Your task
Your answer must be an exact copy of the records below, minus the pictures.
Data for analysis section start
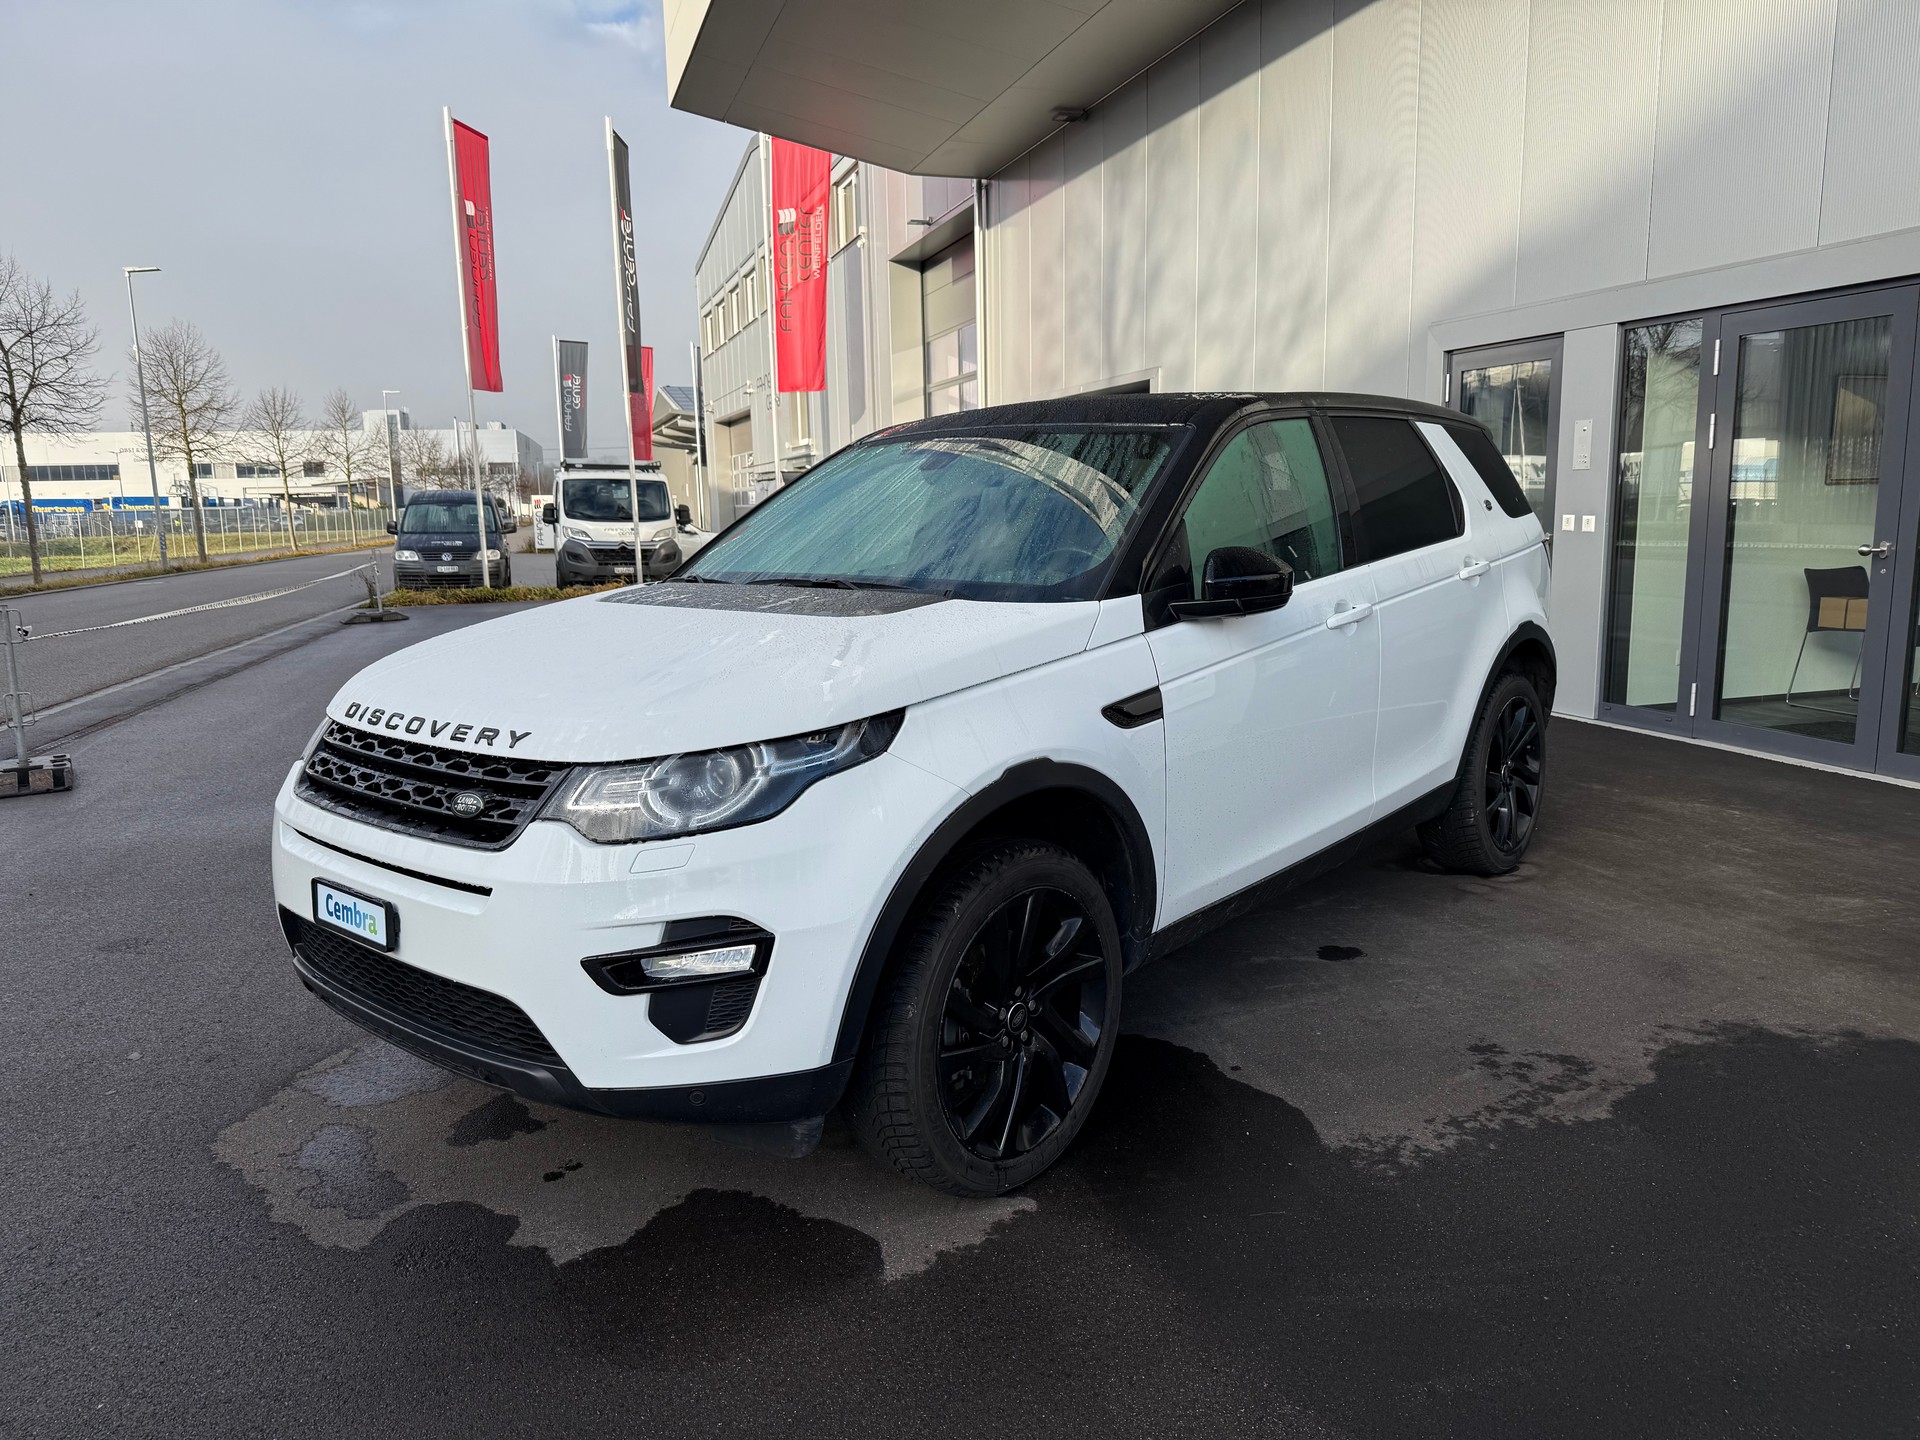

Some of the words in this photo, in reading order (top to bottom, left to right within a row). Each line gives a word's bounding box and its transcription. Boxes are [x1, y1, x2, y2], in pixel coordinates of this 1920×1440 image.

[813, 205, 824, 280] WEINFELDEN
[563, 388, 572, 432] FAHNEN
[572, 373, 581, 410] CENTER
[344, 701, 532, 749] DISCOVERY
[457, 796, 474, 805] LAND
[457, 803, 477, 813] ROVER
[325, 893, 378, 936] Cembra
Data for analysis section end
The answer
Some of the words in this photo, in reading order (top to bottom, left to right within a row). Each line gives a word's bounding box and its transcription. Boxes are [x1, y1, x2, y2], in pixel coordinates of this 1920×1440 image.

[813, 205, 824, 280] WEINFELDEN
[563, 388, 572, 432] FAHNEN
[572, 373, 581, 410] CENTER
[344, 701, 532, 749] DISCOVERY
[457, 796, 474, 805] LAND
[457, 803, 477, 813] ROVER
[325, 893, 378, 936] Cembra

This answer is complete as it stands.